### WHAT IS BEING ASKED
Return each record shown beneath, word for word.

### AVAILABLE RECORDS

+===+

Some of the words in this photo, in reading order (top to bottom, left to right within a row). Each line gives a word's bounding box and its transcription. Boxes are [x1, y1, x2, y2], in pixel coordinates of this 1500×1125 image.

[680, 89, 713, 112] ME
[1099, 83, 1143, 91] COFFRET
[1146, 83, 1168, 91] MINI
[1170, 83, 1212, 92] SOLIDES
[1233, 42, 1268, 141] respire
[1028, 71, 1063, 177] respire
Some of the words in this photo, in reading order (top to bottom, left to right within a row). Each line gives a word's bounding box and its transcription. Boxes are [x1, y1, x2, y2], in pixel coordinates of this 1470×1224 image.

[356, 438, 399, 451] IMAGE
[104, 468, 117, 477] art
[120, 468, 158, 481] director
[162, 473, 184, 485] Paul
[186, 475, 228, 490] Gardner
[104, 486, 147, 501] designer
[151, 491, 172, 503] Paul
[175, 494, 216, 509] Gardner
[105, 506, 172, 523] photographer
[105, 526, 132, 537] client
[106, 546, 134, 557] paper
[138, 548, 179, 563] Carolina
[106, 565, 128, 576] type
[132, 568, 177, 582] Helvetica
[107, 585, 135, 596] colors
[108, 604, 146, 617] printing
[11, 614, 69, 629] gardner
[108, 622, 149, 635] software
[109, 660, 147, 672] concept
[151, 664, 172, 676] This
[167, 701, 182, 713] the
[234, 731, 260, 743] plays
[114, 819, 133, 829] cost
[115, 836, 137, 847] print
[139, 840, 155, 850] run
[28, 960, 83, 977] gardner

+===+

### REPLY
Some of the words in this photo, in reading order (top to bottom, left to right within a row). Each line gives a word's bounding box and its transcription. Boxes are [x1, y1, x2, y2], in pixel coordinates of this 1500×1125 image.

[680, 89, 713, 112] ME
[1099, 83, 1143, 91] COFFRET
[1146, 83, 1168, 91] MINI
[1170, 83, 1212, 92] SOLIDES
[1233, 42, 1268, 141] respire
[1028, 71, 1063, 177] respire
Some of the words in this photo, in reading order (top to bottom, left to right within a row). Each line gives a word's bounding box and its transcription. Boxes are [x1, y1, x2, y2], in pixel coordinates of this 1470×1224 image.

[356, 438, 399, 451] IMAGE
[104, 468, 117, 477] art
[120, 468, 158, 481] director
[162, 473, 184, 485] Paul
[186, 475, 228, 490] Gardner
[104, 486, 147, 501] designer
[151, 491, 172, 503] Paul
[175, 494, 216, 509] Gardner
[105, 506, 172, 523] photographer
[105, 526, 132, 537] client
[106, 546, 134, 557] paper
[138, 548, 179, 563] Carolina
[106, 565, 128, 576] type
[132, 568, 177, 582] Helvetica
[107, 585, 135, 596] colors
[108, 604, 146, 617] printing
[11, 614, 69, 629] gardner
[108, 622, 149, 635] software
[109, 660, 147, 672] concept
[151, 664, 172, 676] This
[167, 701, 182, 713] the
[234, 731, 260, 743] plays
[114, 819, 133, 829] cost
[115, 836, 137, 847] print
[139, 840, 155, 850] run
[28, 960, 83, 977] gardner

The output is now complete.